Con sensibilidad, delicadeza y ternura, Matthew Quick relata el día más importante en la vida de un joven que, a pesar de las circunstancias de su entorno, sigue buscando una luz que le indique hacia dónde continuar.



Un domingo en el que no tenía nada que hacer decidí leerme esta novela de Matthew Quick. Sinceramente, no sabía que esperarme de esta novela. ¿Vosotros tampoco? Pues si no sabéis si leerla, aquí os saco de vuestras dudas y, espero, que vayáis corriendo a una librería a comprar el libro.

La verdad es que aquel domingo tuve un día muy Matthew. A la mañana me leí la novela de Matthew Quick. A la tarde una novela de Matthew Dicks. Y a la noche me vi la película El lado bueno de las cosas por segunda vez, que está basada en la novela de Matthew Quick. ¿Veis? Un día Matthew. Y no me arrepiento.

Lo siento, Leonard Peacock es una novela que me enamoró.  Leonard es un chico bastante sensible, cuyo mejor amigo es un señor mayor que vive en la casa de al lado. Su madre nunca está en casa, vive con el amante de turno, y él está solo. En su infancia sufrió algo bastante traumático, y nadie pudo ayudarle. Se siente solo, siente que no es nadie y quiere suicidarse. Uno de sus motivos es que cree que no merece la pena envejecer si va a ser infeliz. Leonard, de vez en cuando, sigue a la gente que va bien vestida. ¿Por qué? Quiere saber si son felices, si van contentos a su trabajo, si merece la pena envejecer. Pero nunca ve a nadie que realmente parezca disfrutar. ¿Para qué va a envejecer si las cosas no mejoran?  Él tiene esperanzas de equivocarse, quiere equivocarse, necesita equivocarse.
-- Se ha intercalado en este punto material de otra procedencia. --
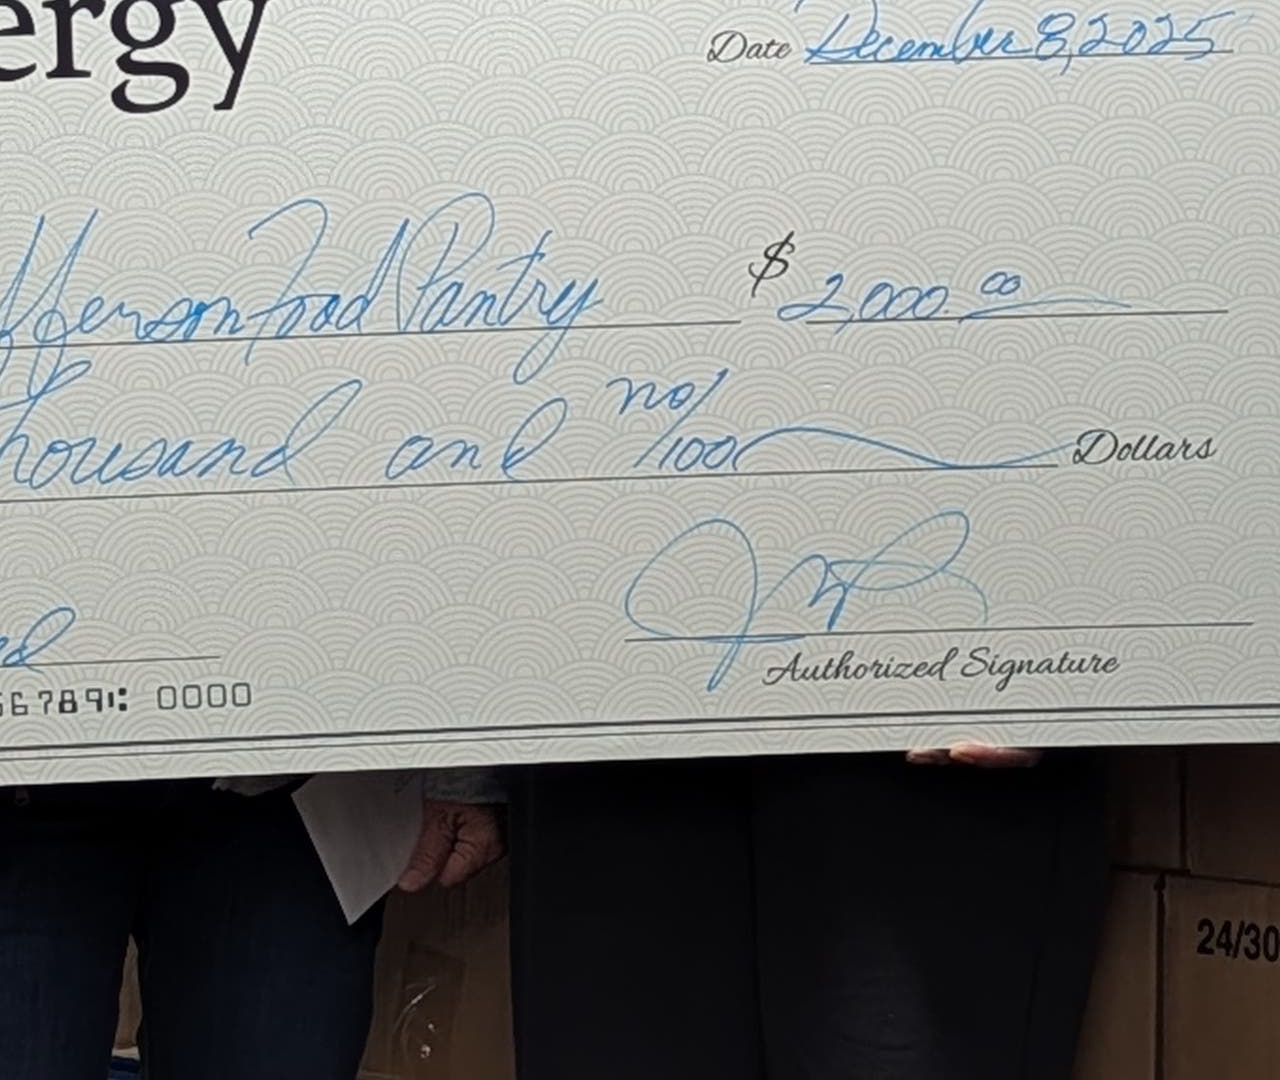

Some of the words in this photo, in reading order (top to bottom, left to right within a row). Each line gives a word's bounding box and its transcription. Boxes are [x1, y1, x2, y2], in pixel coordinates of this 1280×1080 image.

[707, 30, 792, 62] Date
[748, 230, 796, 298] $
[246, 198, 410, 366] Food
[397, 192, 605, 386] Pantry
[385, 396, 570, 482] and
[1071, 428, 1219, 466] Dollars
[762, 647, 959, 686] Authorized
[960, 646, 1121, 691] Signature
[156, 681, 253, 711] 0000
Leonard es un personaje que me encantó. Evoluciona muchísmo. No es igual cuando empieza que cuando terminas la novela. Además, enamora y me encanta. Él, el día de su cumpleaños, coge la pistola de su abuelo y, además, coge 4 regalos que tiene que entregar para despedirse. Aunque para mí es más una llamada de auxilio, una especie de "por favor, hazme cambiar de opinión". Mientras va dando esos regalos te va contando la historia, te va diciendo por qué, qué pasó, cómo. No te deja nada sin explicar.

El libro está narrado en primera persona, de una forma especial. Y es que Quick escribe realmente bien. Leonard es una persona que espera más del mundo y le entristece no encontrar ese más. La verdad es que es una novela cargada de reflexiones, esperanzas y descubrimientos. Uno de mis personajes preferidos fue Herr Silverman, al que me encantaría tener de profesor, y que tiene un secreto. ¿Por qué nunca se remanga?

Lo siento, Leonard Peacock es una gran novela, sensible, reflexiva, original, que te atrapa desde la primera página y que no deja que lo sueltes hasta que llegas al último punto. Una novela recomendadísima y que espero que leáis todos porque merece la pena.